Morgan Ray

Personal information
- Born: August 2, 2002 (age 23) St. Augustine, Florida, U.S.
- Education: University of North Florida
- Height: 4 ft 5 in (135 cm)

Sport
- Sport: Paralympic swimming
- Disability: achondroplasia
- Disability class: S6, SB6, SM6

Medal record
Men's paralympic swimming
Representing United States
Paralympic Games
| Silver medal – second place | 2024 Paris | Mixed 4×50 m medley relay 20pts |
World Championships
| Silver medal – second place | 2022 Madeira | 100 m breaststroke SB6 |
| Bronze medal – third place | 2025 Singapore | Mixed 4×50 m medley relay 20pts |

= Morgan Ray =

American Paralympic swimmer (born 2002)

Morgan Ray (born August 2, 2002) is an American Paralympic swimmer. He represented the United States at the 2024 Summer Paralympics.

==Career==
Ray represented the United States at the 2022 World Para Swimming Championships and won a silver medal in the 100 metre breaststroke SB6 event.
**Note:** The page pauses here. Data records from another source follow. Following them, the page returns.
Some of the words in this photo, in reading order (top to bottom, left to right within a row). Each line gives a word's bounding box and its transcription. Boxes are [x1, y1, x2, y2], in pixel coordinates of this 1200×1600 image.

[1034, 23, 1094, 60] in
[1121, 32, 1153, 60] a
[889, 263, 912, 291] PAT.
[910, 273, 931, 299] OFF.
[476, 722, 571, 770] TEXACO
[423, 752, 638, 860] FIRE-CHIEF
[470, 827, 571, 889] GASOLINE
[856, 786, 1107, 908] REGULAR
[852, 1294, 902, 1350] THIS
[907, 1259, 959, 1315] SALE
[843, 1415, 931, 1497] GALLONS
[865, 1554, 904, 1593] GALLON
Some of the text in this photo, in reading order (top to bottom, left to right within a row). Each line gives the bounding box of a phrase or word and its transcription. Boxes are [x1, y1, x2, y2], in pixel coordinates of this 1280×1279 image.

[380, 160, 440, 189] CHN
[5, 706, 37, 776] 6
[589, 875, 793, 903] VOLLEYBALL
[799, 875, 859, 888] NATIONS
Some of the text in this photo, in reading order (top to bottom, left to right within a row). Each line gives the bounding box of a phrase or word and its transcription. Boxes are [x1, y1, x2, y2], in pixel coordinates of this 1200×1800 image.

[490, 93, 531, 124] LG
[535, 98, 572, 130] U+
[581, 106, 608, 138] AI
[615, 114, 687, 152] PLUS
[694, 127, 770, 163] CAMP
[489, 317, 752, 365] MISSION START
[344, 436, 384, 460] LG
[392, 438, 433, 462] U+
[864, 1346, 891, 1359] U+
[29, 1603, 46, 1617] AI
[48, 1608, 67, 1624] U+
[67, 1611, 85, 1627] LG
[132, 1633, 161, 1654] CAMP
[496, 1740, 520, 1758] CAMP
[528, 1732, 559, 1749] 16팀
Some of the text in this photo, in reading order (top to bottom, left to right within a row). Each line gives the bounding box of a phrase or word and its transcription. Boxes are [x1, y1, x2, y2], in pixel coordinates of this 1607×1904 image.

He tested positive for COVID-19 during the World Championships.

Ray represented the United States at the 2024 Summer Paralympics and won a silver medal in the mixed 4 × 50 metre medley relay 20pts event.

==Personal life==
Ray was born to Matt and Mary Ray, and has Mason, Michael and Maddox. He was born with achondroplasia.